- _Exercise goal_
Leaving out every picture, quote the data below exactly as it appears.

(Data records)
"""

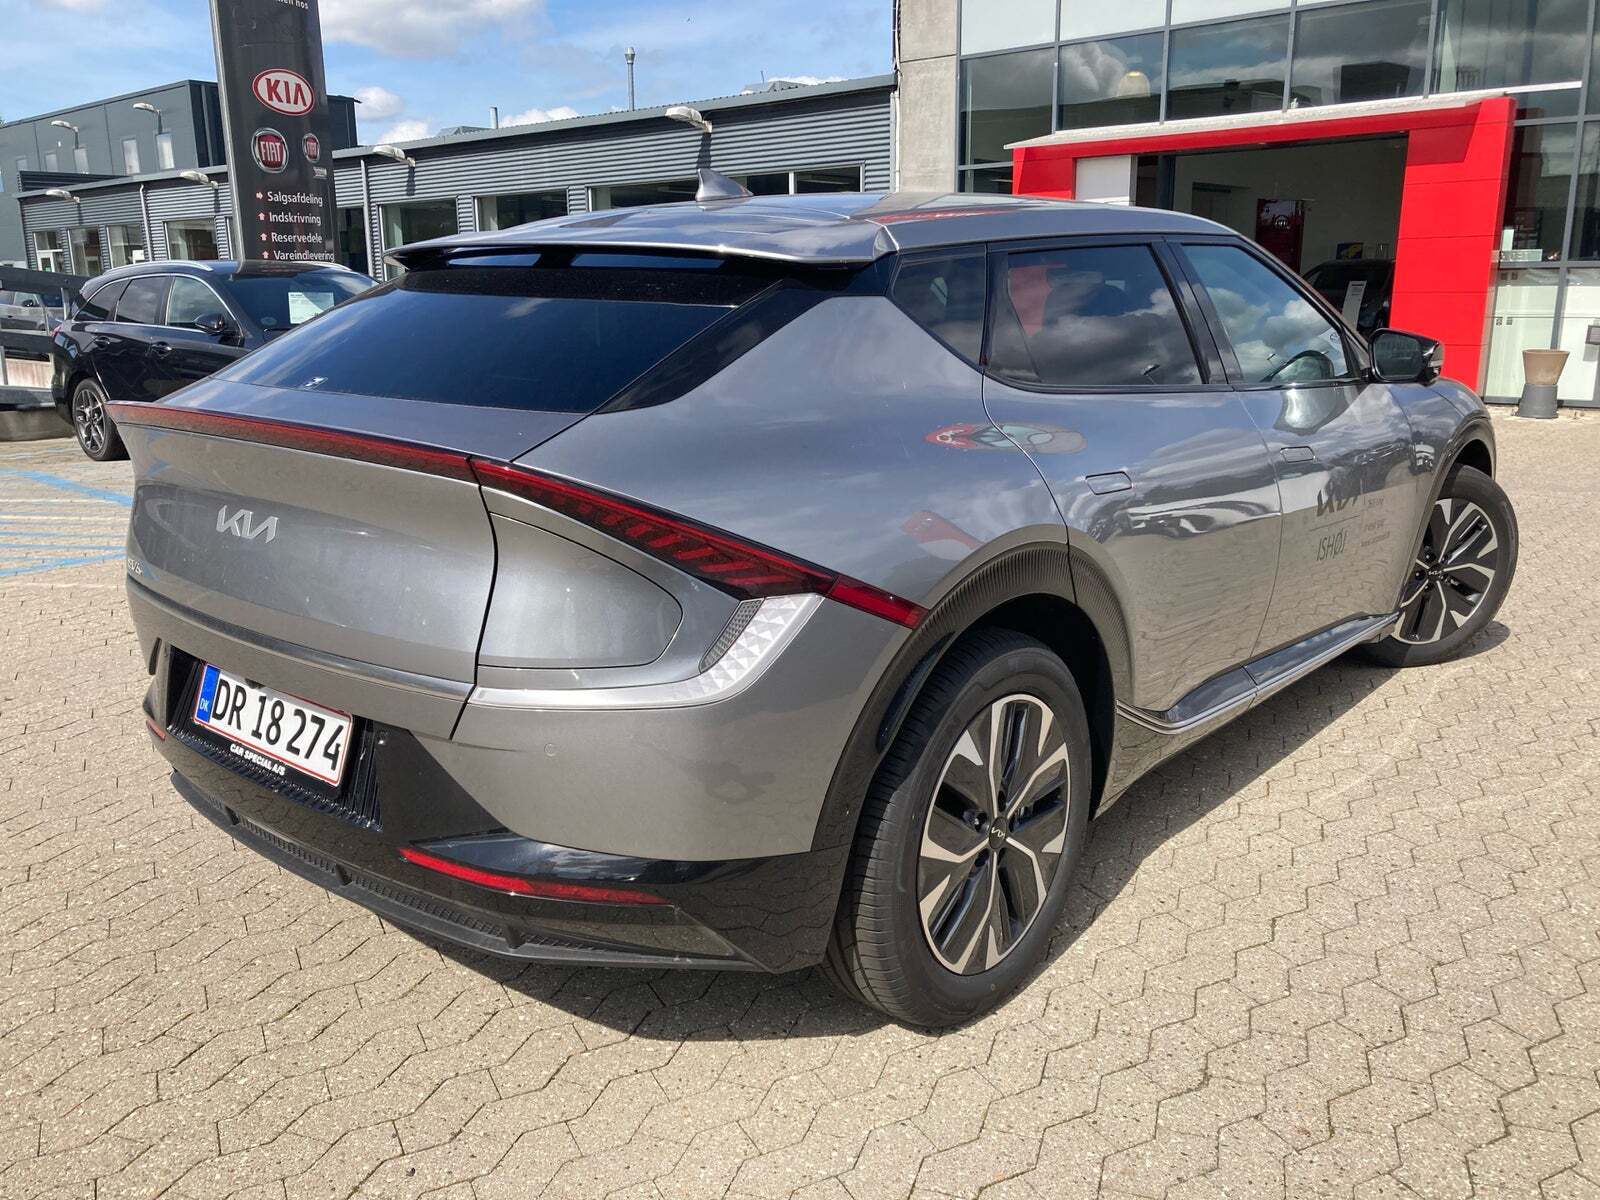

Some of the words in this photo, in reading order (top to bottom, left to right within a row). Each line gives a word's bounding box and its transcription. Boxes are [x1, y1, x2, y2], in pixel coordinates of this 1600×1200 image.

[265, 78, 307, 107] KIA
[260, 141, 281, 161] FIAT
[267, 191, 323, 207] Salgsafdeling
[269, 212, 321, 226] Indskrivning
[271, 232, 323, 243] Reservedele
[273, 250, 335, 262] Vareindlevering
[215, 505, 279, 543] KIA
[199, 697, 209, 713] DK
[211, 679, 247, 731] DR
[251, 695, 285, 746] 18
[286, 708, 345, 771] 274
[230, 743, 245, 757] CAR
[243, 750, 273, 771] SPECIAL
[271, 763, 286, 776] A/S
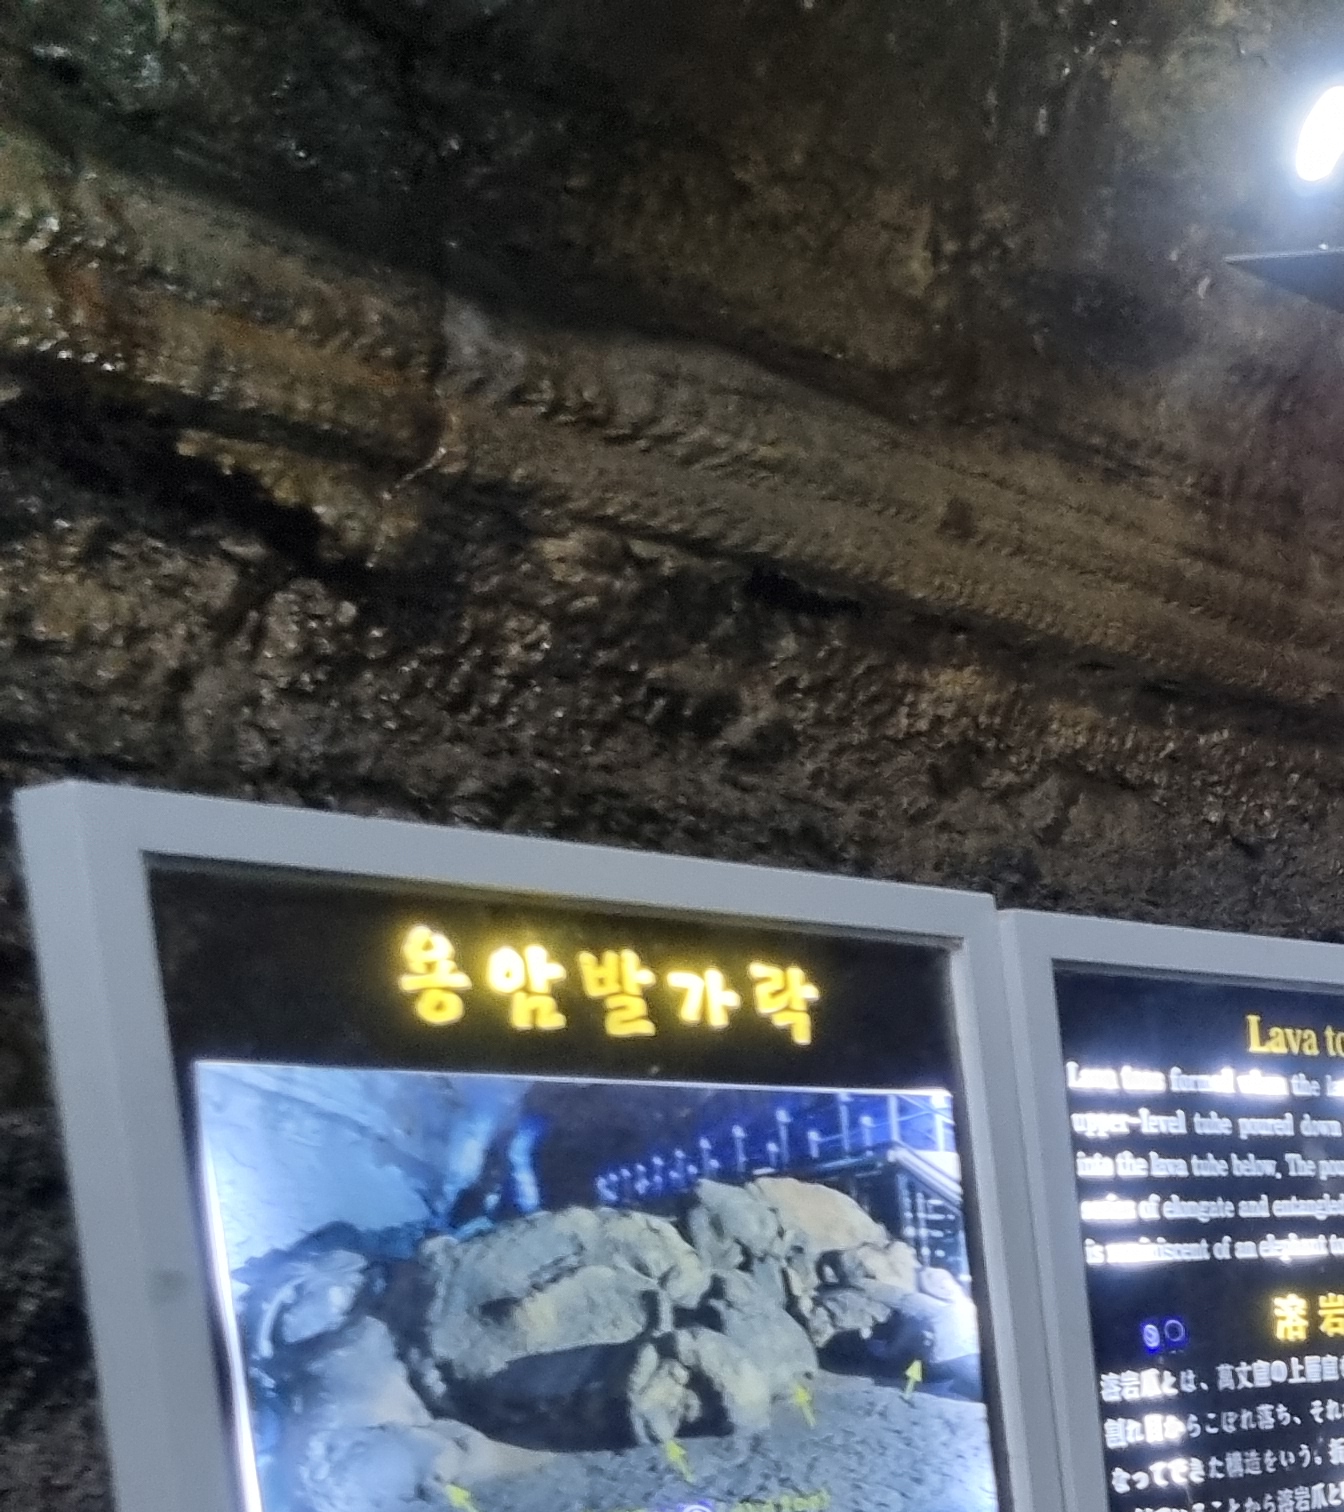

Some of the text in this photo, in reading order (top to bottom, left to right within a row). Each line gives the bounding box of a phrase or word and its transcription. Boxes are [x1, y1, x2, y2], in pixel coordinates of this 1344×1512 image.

[399, 925, 820, 1045] 용암발가락
[1246, 1014, 1319, 1056] Lava
[1070, 1107, 1187, 1139] upper-level
[1194, 1110, 1233, 1136] tube
[1238, 1112, 1295, 1140] poured
[1300, 1113, 1342, 1137] down
[1076, 1150, 1115, 1179] into
[1116, 1150, 1149, 1179] the
[1149, 1150, 1189, 1178] lava
[1190, 1152, 1230, 1177] tube
[1285, 1153, 1316, 1177] The
[1162, 1193, 1235, 1223] elongate
[1238, 1194, 1271, 1218] and
[1085, 1238, 1105, 1265] is
[1105, 1236, 1211, 1265] iiscent
[1213, 1235, 1232, 1260] of
[1234, 1240, 1259, 1260] an

"""

- _Final answer_
Some of the words in this photo, in reading order (top to bottom, left to right within a row). Each line gives a word's bounding box and its transcription. Boxes are [x1, y1, x2, y2], in pixel coordinates of this 1600×1200 image.

[265, 78, 307, 107] KIA
[260, 141, 281, 161] FIAT
[267, 191, 323, 207] Salgsafdeling
[269, 212, 321, 226] Indskrivning
[271, 232, 323, 243] Reservedele
[273, 250, 335, 262] Vareindlevering
[215, 505, 279, 543] KIA
[199, 697, 209, 713] DK
[211, 679, 247, 731] DR
[251, 695, 285, 746] 18
[286, 708, 345, 771] 274
[230, 743, 245, 757] CAR
[243, 750, 273, 771] SPECIAL
[271, 763, 286, 776] A/S

Some of the text in this photo, in reading order (top to bottom, left to right within a row). Each line gives the bounding box of a phrase or word and its transcription. Boxes are [x1, y1, x2, y2], in pixel coordinates of this 1344×1512 image.

[399, 925, 820, 1045] 용암발가락
[1246, 1014, 1319, 1056] Lava
[1070, 1107, 1187, 1139] upper-level
[1194, 1110, 1233, 1136] tube
[1238, 1112, 1295, 1140] poured
[1300, 1113, 1342, 1137] down
[1076, 1150, 1115, 1179] into
[1116, 1150, 1149, 1179] the
[1149, 1150, 1189, 1178] lava
[1190, 1152, 1230, 1177] tube
[1285, 1153, 1316, 1177] The
[1162, 1193, 1235, 1223] elongate
[1238, 1194, 1271, 1218] and
[1085, 1238, 1105, 1265] is
[1105, 1236, 1211, 1265] iiscent
[1213, 1235, 1232, 1260] of
[1234, 1240, 1259, 1260] an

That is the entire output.